GreyLmist  posted on  2015-07-23   21:14:48 ET  Reply   Trace   Private Reply  


#88. To: war (#51) (Edited)

Thanks for your generosity and stoically thoughtful input of regularity at Post #51. Until that point, I had intended to comment only on the transition of America's government from the War of Independence and the Articles of Confederation to the Union-downsizing establishment of the Constitution -- refrain from debating contentions of the War Between the States anymore; just post informational sources on the subjects occasionally that might be of assistance, so as not to provide any quarter to continual perpetuations of the unity-demolishing, Marxist meme that Slavery was the Confederacy's raison d'etre/reason or justification for existence.
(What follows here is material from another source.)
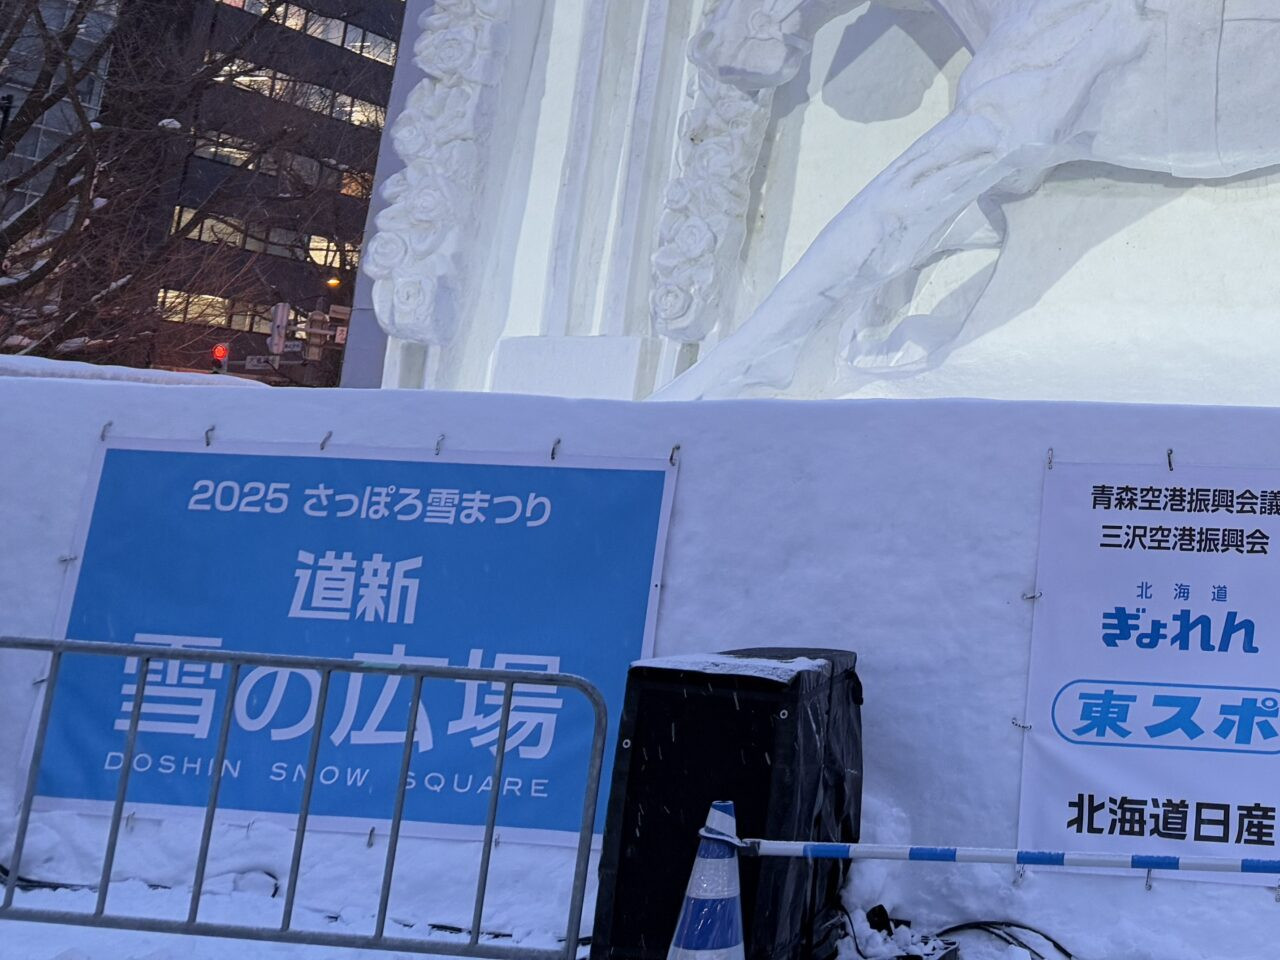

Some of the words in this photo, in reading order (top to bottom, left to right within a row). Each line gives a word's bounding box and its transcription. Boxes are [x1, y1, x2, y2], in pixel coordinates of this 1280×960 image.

Would have to check but am fairly sure that there were few, if any, non-slaveholding States of the Articles of Confederation. The Federal Government of the Constitution wasn't moving to dissolve Slavery. Quite the opposite, as the Corwin Amendment and its Congressional authorization for ratification demonstrates. I think most of the issues submitted at #51 may have been addressed in the postings here since then. On the 3/5's notion that the South would be best served by increasing the slave population, that clause was inserted at the Constitution convention, when most all of the States would have had slaves. [Ref. Post #69: Charles Cotesworth Pinckney info] The 3/5's clause was a deterrent to increasing slave populations, imo, because it meant that taxation of the States would be increased according to the counting of those non-citizen populations but there would not be 100% governmental representation permitted for the States -- i.e. taxation without full representation and the North benefitting most from the tax revenues, as usual. Other than that reply, what I'd like to ask is: Would you agree that condemning Slavery but suggesting that the Constitution of the Union was a State enslavement contract is ironic or something?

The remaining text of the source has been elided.